This story will probably be somewhat familiar to many of you.
I have 4 sons. Our youngest, who just turned 19 received his mission call the other day. He will be the only one to serve a mission in our family. My other 3 sons, who grew up saying they would had lost interest in the Church by this age and were on to “other” things.
My son took 2 years of American Sign Language (ASL) in high school. In addition, this past year went to class on Saturdays to learn Korean. He stated on his missionary application that he was willing to learn a new language and go foreign.
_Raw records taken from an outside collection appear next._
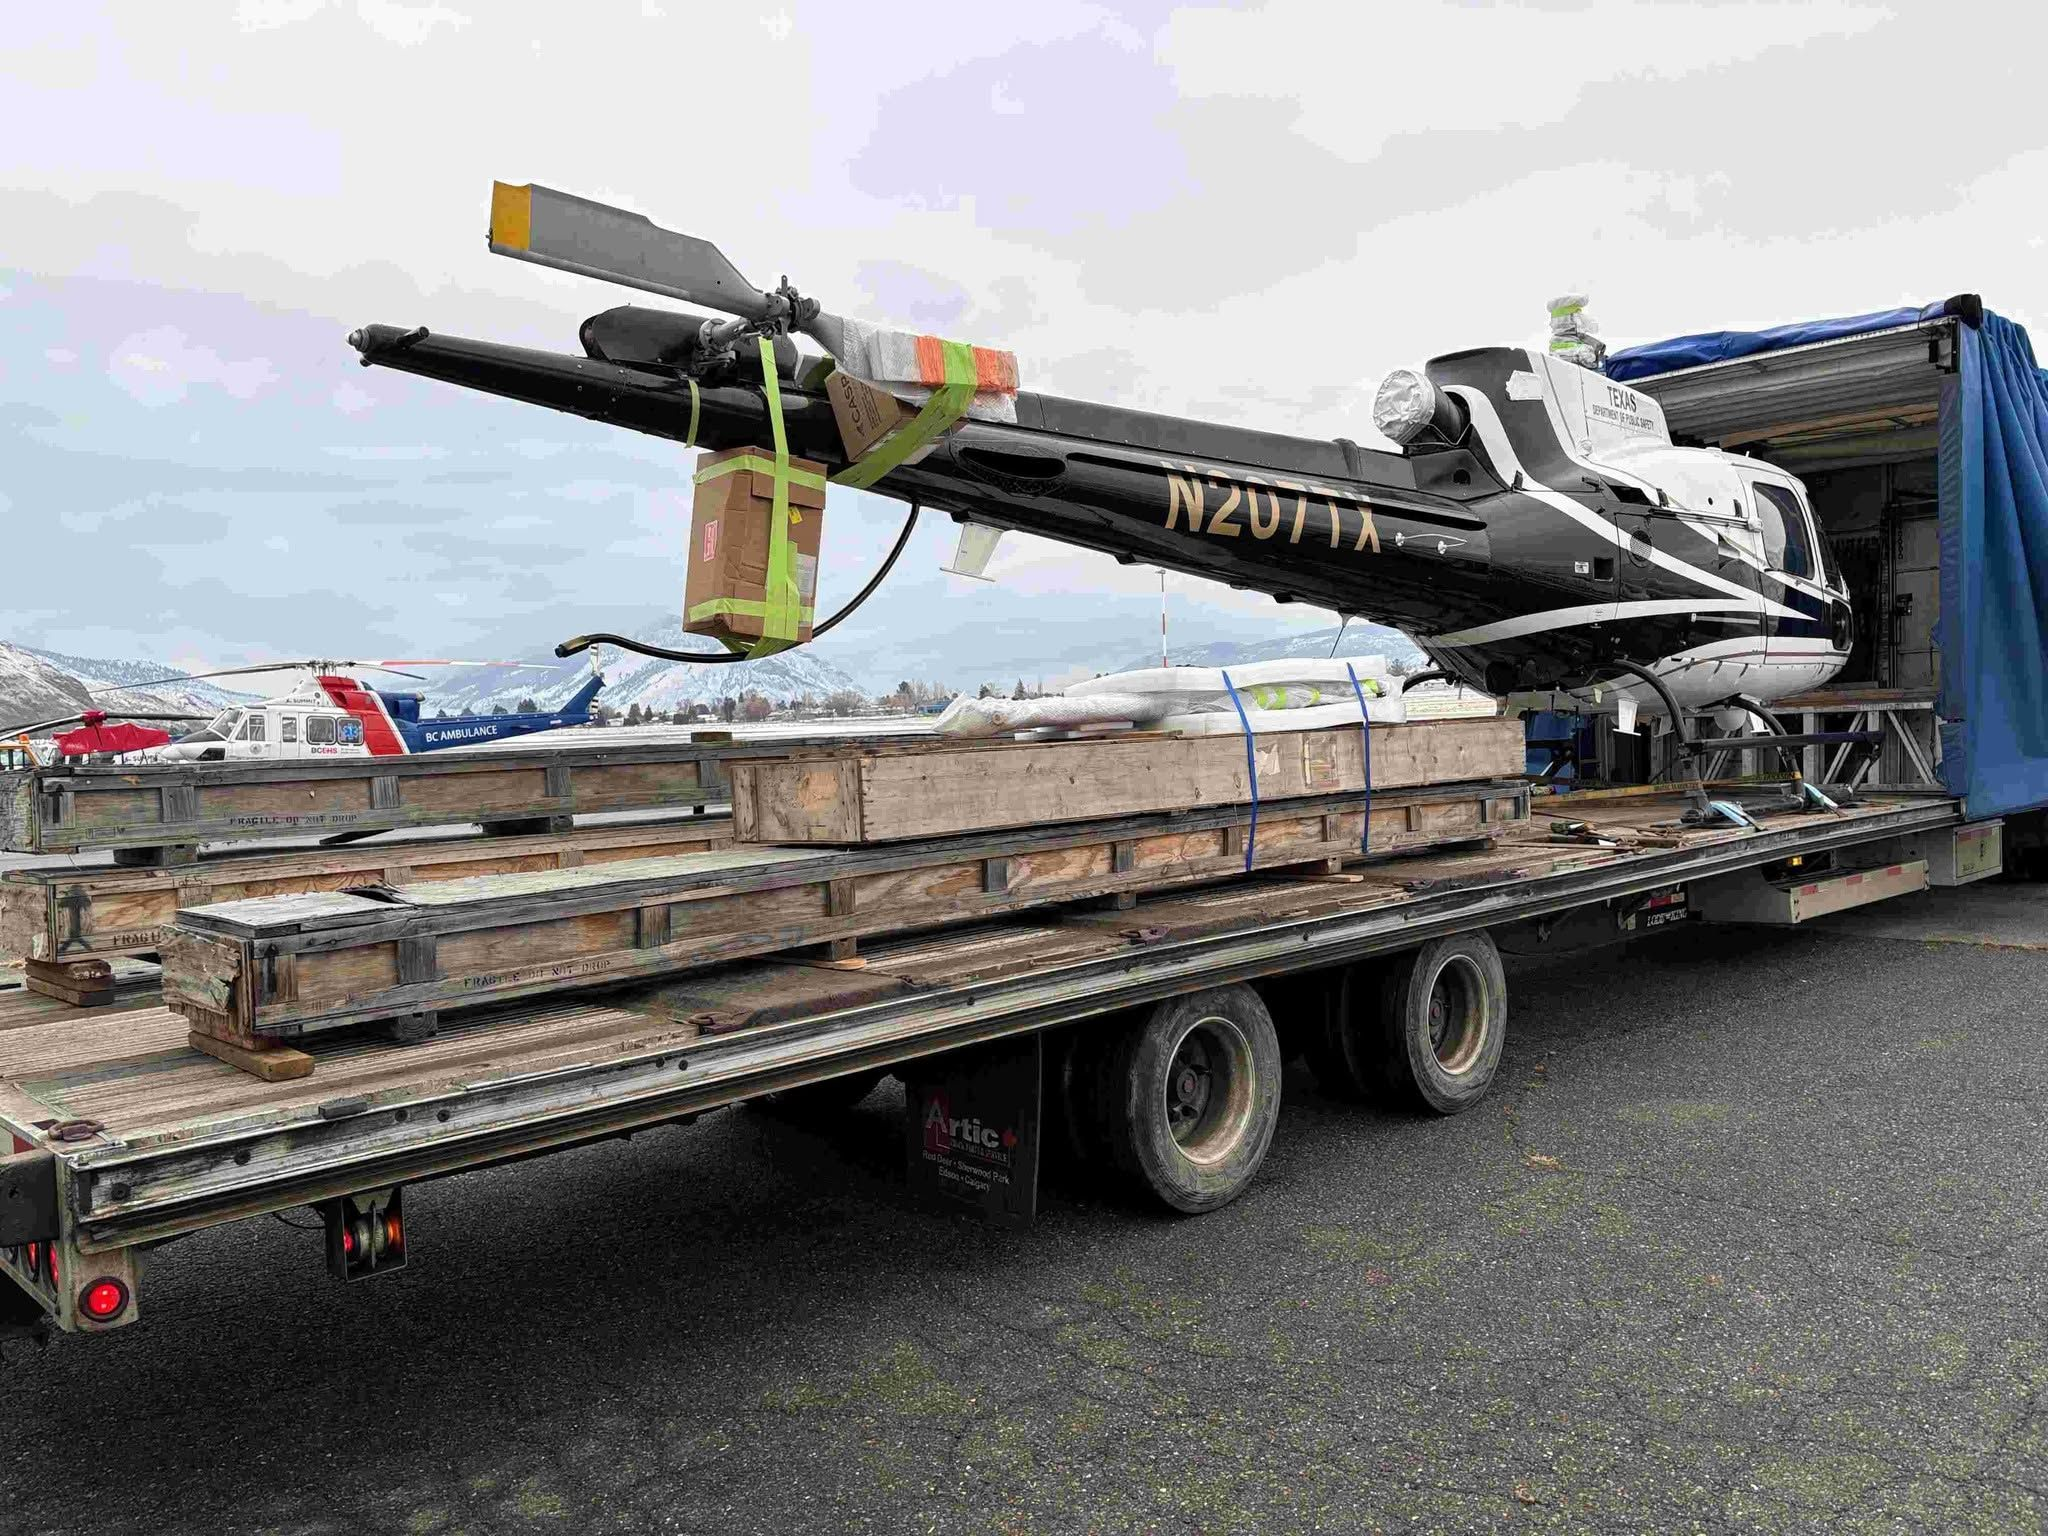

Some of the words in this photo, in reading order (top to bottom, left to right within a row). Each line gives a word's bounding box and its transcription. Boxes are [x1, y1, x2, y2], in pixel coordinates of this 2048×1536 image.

[1606, 385, 1637, 413] TEXAS
[1592, 404, 1619, 421] DEPARTMENT
[1625, 412, 1640, 427] PUBLIC
[1640, 416, 1654, 431] SAFETY
[425, 731, 439, 742] BC
[440, 725, 498, 741] AMBULANCE
[230, 816, 280, 826] FRAGILE
[925, 1097, 1000, 1149] Artic
[992, 1171, 1010, 1185] Park
I know what you’re thinking. Means nothing. Usually. Though most of the young men in our Ward who took Spanish, went to Spanish-speaking countries or Spanish-speaking missions in the US. All the ones we know who studied Japanese went to Japan.
So, we fully expected and/or fully hoped he would serve somewhere foreign. Maybe Ireland, where his Mom’s family is from. Maybe Ukraine where most of my family is from. Maybe even South Korea. Or, an ASL mission. Surely, there was always a need for that skill. Or, definitely somewhere where his Mom and I could travel to pick him up!
He went on Facebook and asked for guesses, which were willingly offered and represented many parts of the world and the US. We even considered Boise. (Think RM).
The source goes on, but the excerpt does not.